RECORDS TO USE:
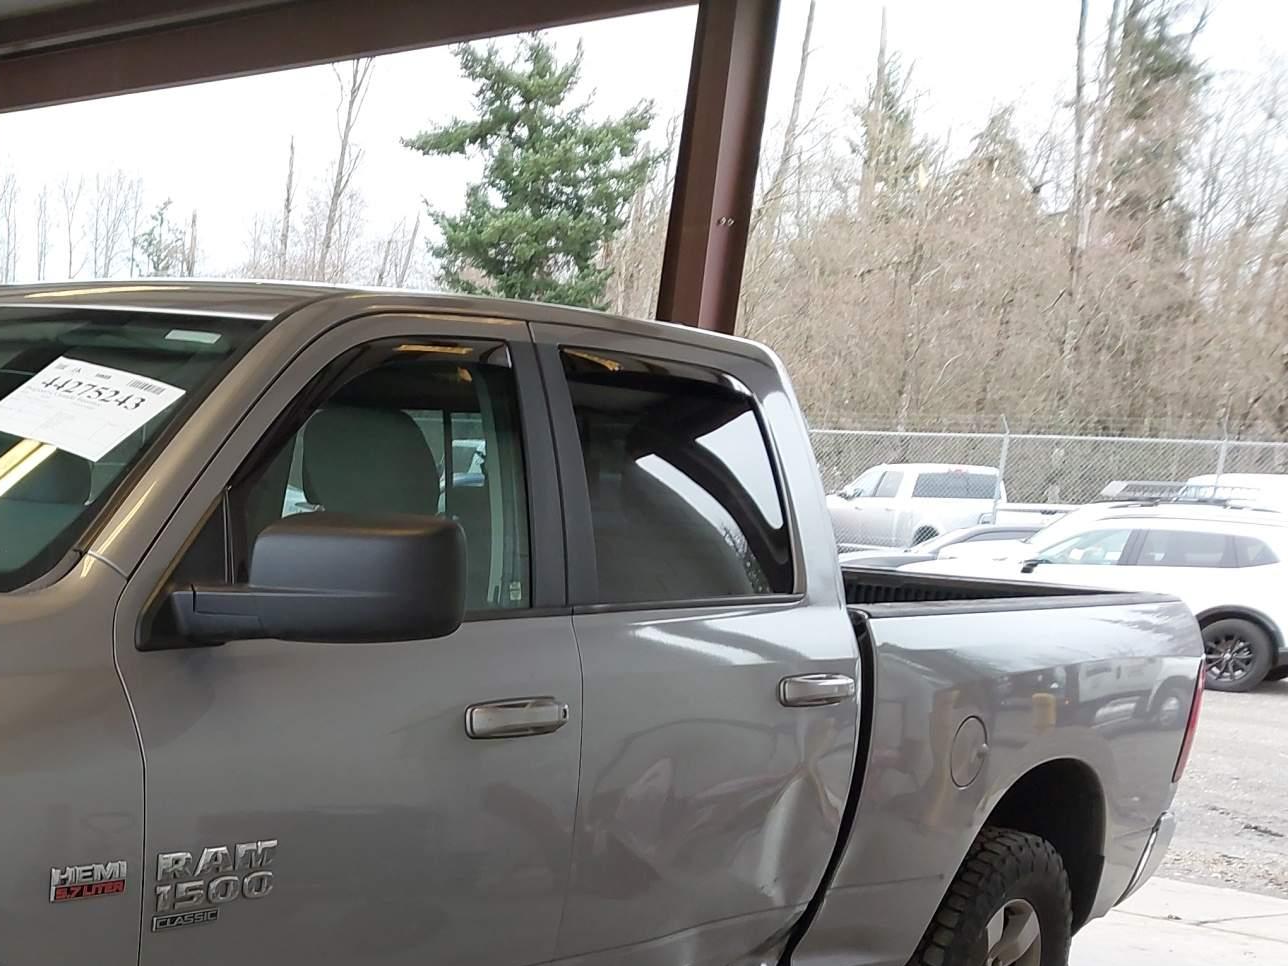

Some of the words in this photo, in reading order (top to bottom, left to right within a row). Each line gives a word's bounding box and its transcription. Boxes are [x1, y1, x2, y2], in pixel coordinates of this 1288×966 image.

[42, 375, 146, 411] 44275243
[51, 860, 127, 887] HEMI
[157, 839, 278, 882] RAM
[55, 887, 82, 900] 5.7
[85, 880, 125, 896] LITER
[155, 871, 273, 913] 1500
[157, 910, 218, 930] CLASSIC

WHAT YOU ARE ASKED TO DO: Copy the material verbatim. The pictures are not part of the copy.

EXERCISE ANSWER:
Some of the words in this photo, in reading order (top to bottom, left to right within a row). Each line gives a word's bounding box and its transcription. Boxes are [x1, y1, x2, y2], in pixel coordinates of this 1288×966 image.

[42, 375, 146, 411] 44275243
[51, 860, 127, 887] HEMI
[157, 839, 278, 882] RAM
[55, 887, 82, 900] 5.7
[85, 880, 125, 896] LITER
[155, 871, 273, 913] 1500
[157, 910, 218, 930] CLASSIC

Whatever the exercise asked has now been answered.